Task details: What follows is a set of records; restate each one word for word and drop the pictures.

Dataset content:
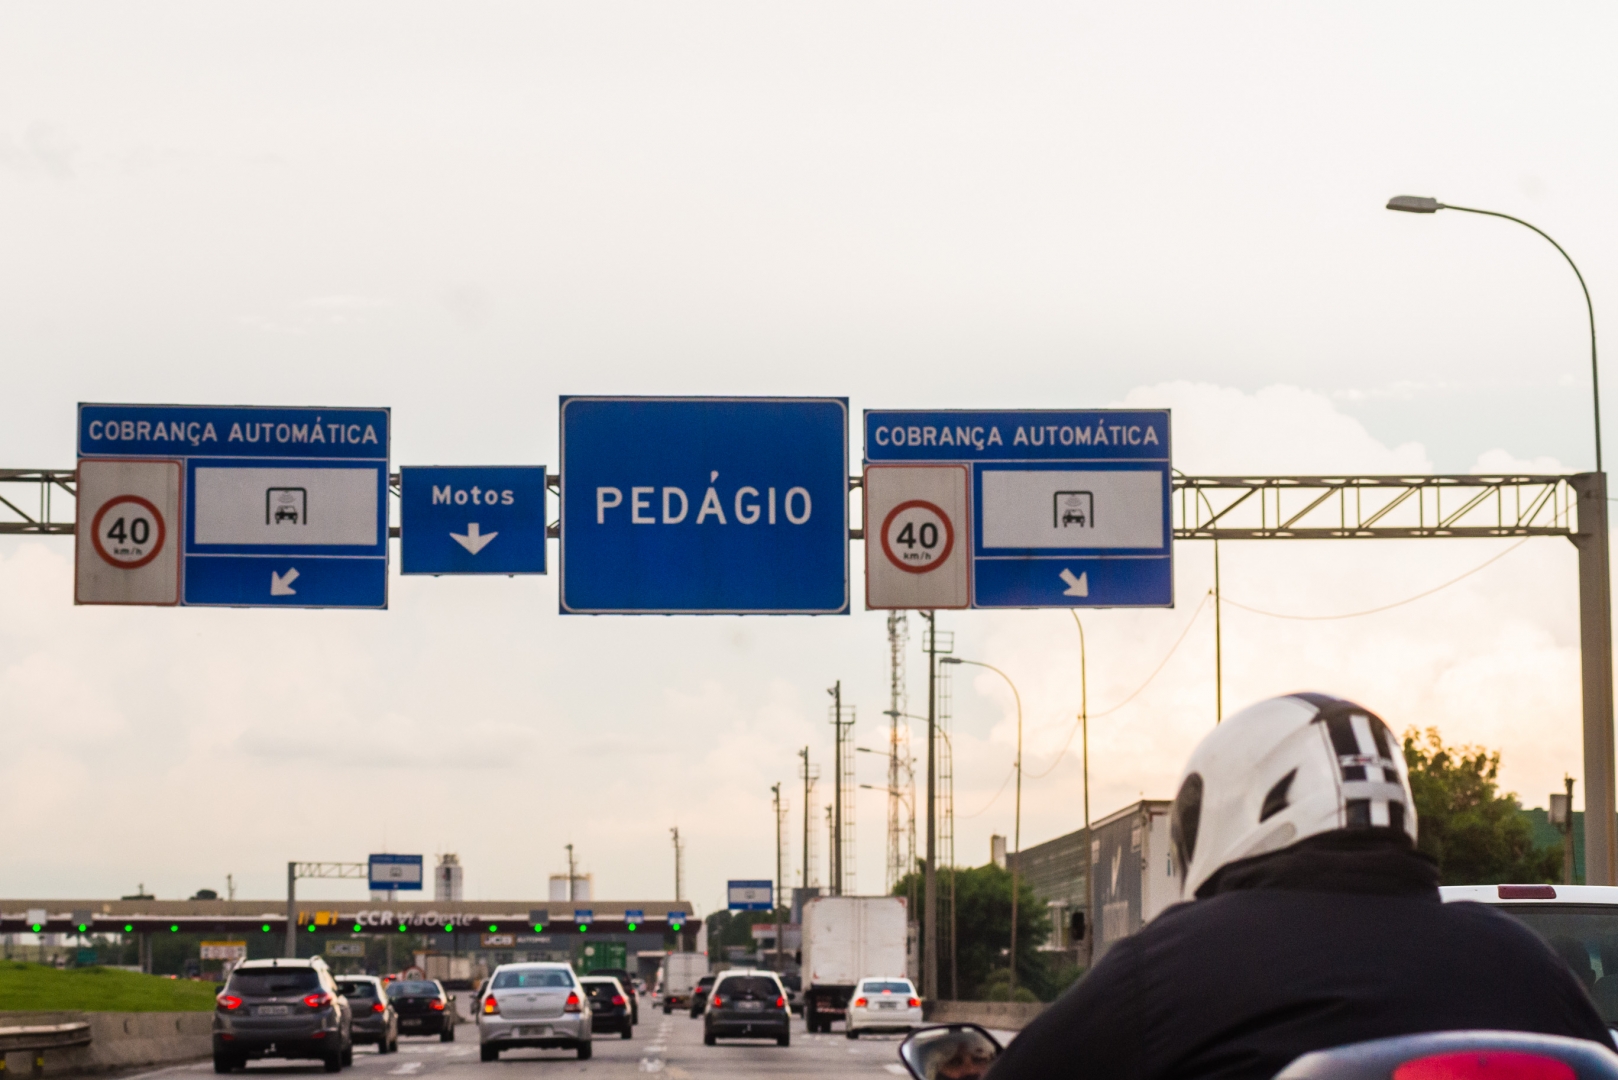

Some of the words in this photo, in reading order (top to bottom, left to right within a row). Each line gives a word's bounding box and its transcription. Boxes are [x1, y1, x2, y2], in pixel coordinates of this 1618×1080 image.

[88, 420, 218, 447] COBRANÇA
[228, 416, 379, 445] AUTOMÁTICA
[874, 425, 1004, 451] COBRANÇA
[1012, 418, 1160, 446] AUTOMÁTICA
[431, 485, 515, 505] Motos
[595, 471, 813, 525] PEDÁGIO
[106, 517, 151, 545] 40
[895, 521, 939, 550] 40
[113, 546, 143, 557] km/h
[903, 551, 932, 562] km/h
[355, 909, 394, 926] CCR

Solution below:
Some of the words in this photo, in reading order (top to bottom, left to right within a row). Each line gives a word's bounding box and its transcription. Boxes are [x1, y1, x2, y2], in pixel coordinates of this 1618×1080 image.

[88, 420, 218, 447] COBRANÇA
[228, 416, 379, 445] AUTOMÁTICA
[874, 425, 1004, 451] COBRANÇA
[1012, 418, 1160, 446] AUTOMÁTICA
[431, 485, 515, 505] Motos
[595, 471, 813, 525] PEDÁGIO
[106, 517, 151, 545] 40
[895, 521, 939, 550] 40
[113, 546, 143, 557] km/h
[903, 551, 932, 562] km/h
[355, 909, 394, 926] CCR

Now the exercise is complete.